There’s an old adage that says nothing lasts forever. No British Columbia couple heading down the aisle thinks they will one day be facing divorce, which encompasses having to deal with issues such as the division of property. So, some experts are actually saying couples should plan for a breakup before their marriages actually break down. Failing to plan for unforeseen events could have even more devastating consequences.
That’s what happened to one British Columbia couple whose case ended up before the Supreme Court and ultimately a provincial court of appeal. The couple, who married in 2009, separated in 2016. They started living together a year before they married in a home the man owned. In 2013, the husband put his wife’s name on title and the two became joint owners of the home.

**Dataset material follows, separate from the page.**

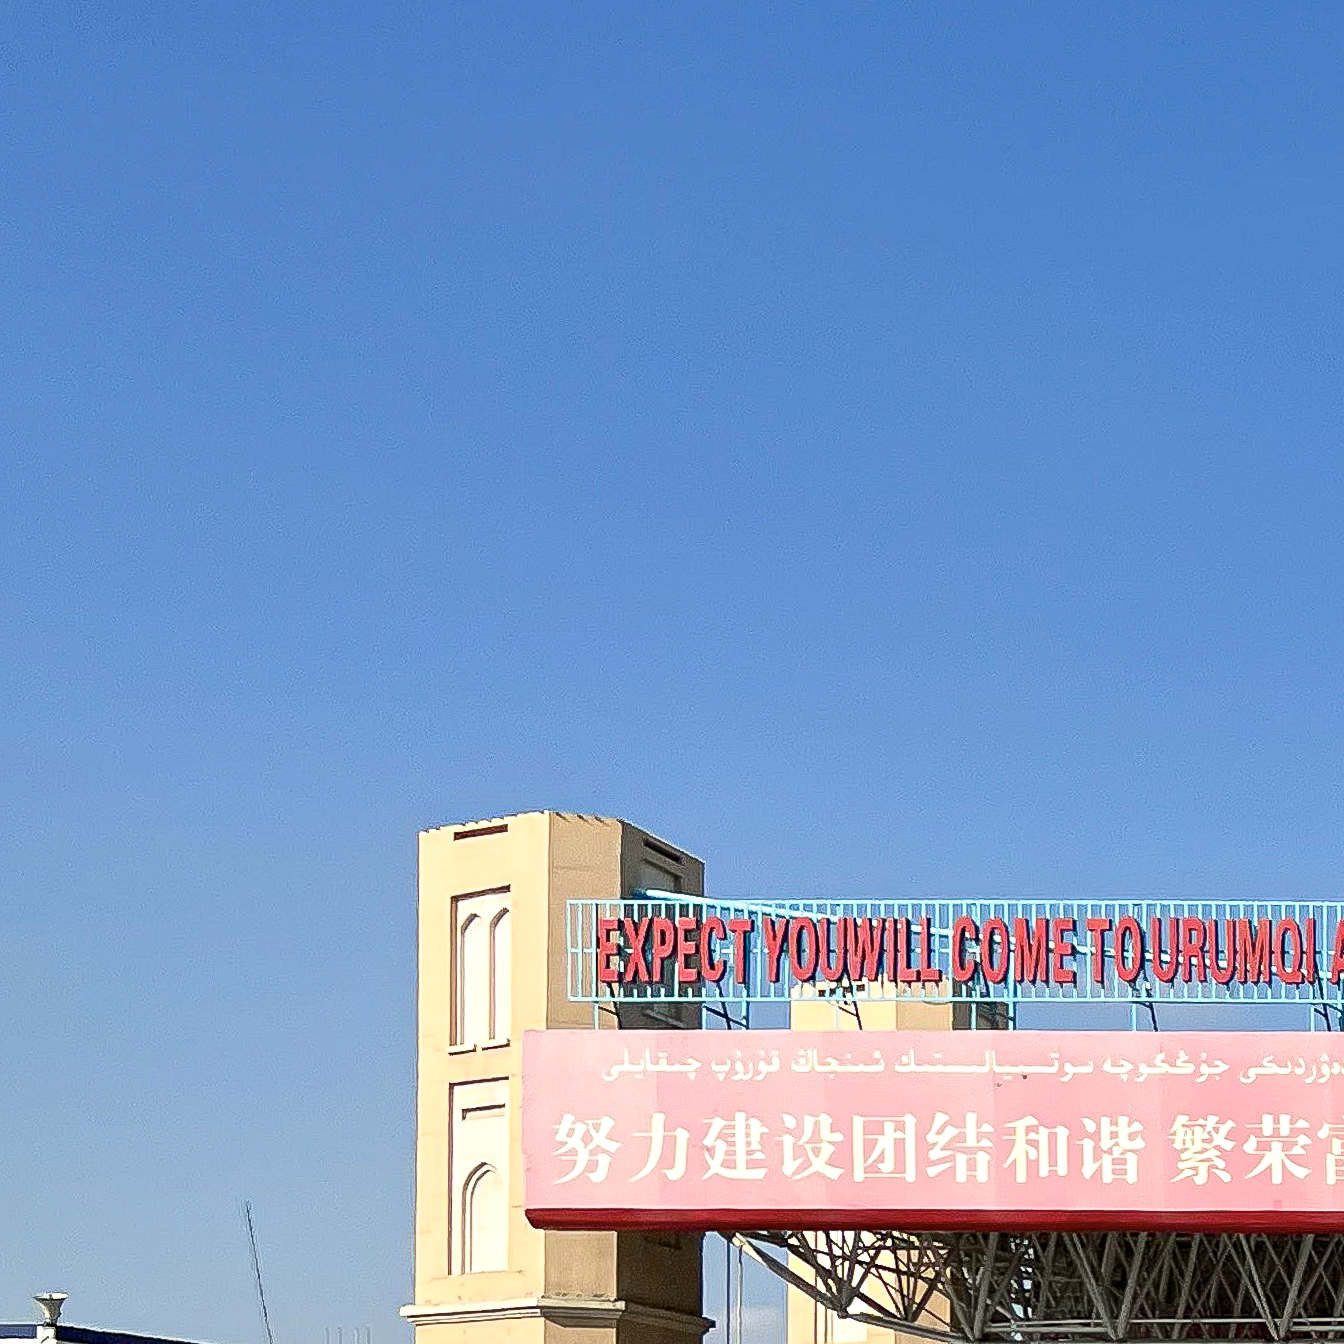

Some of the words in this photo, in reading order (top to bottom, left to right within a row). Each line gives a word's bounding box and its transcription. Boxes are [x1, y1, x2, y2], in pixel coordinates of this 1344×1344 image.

[595, 916, 753, 984] EXPECT
[953, 916, 1076, 985] COME
[1151, 918, 1317, 986] URUMQI
[553, 1111, 1147, 1185] 努力建设团结和谐

In 2012, the husband inherited money from his mother’s estate to the tune of more than $160,000 — $40,000 of which he deposited into a joint account he shared with his wife. To make a long story short when the couple separated, the two disagreed on the division of property and assets. An appeals court judge upheld the decision of a Supreme Court judge that the woman should receive $134,989 of the family property and the husband receive the remaining $337,702.
A lawyer experienced in family law in British Columbia can advise a client on the division of property. A lawyer may even be able to offer guidance to a client during the marriage as to what that is likely to constitute based on a client’s individual case. Being prepared for things that may not happen, such as divorce, may be better for a couple in the long run.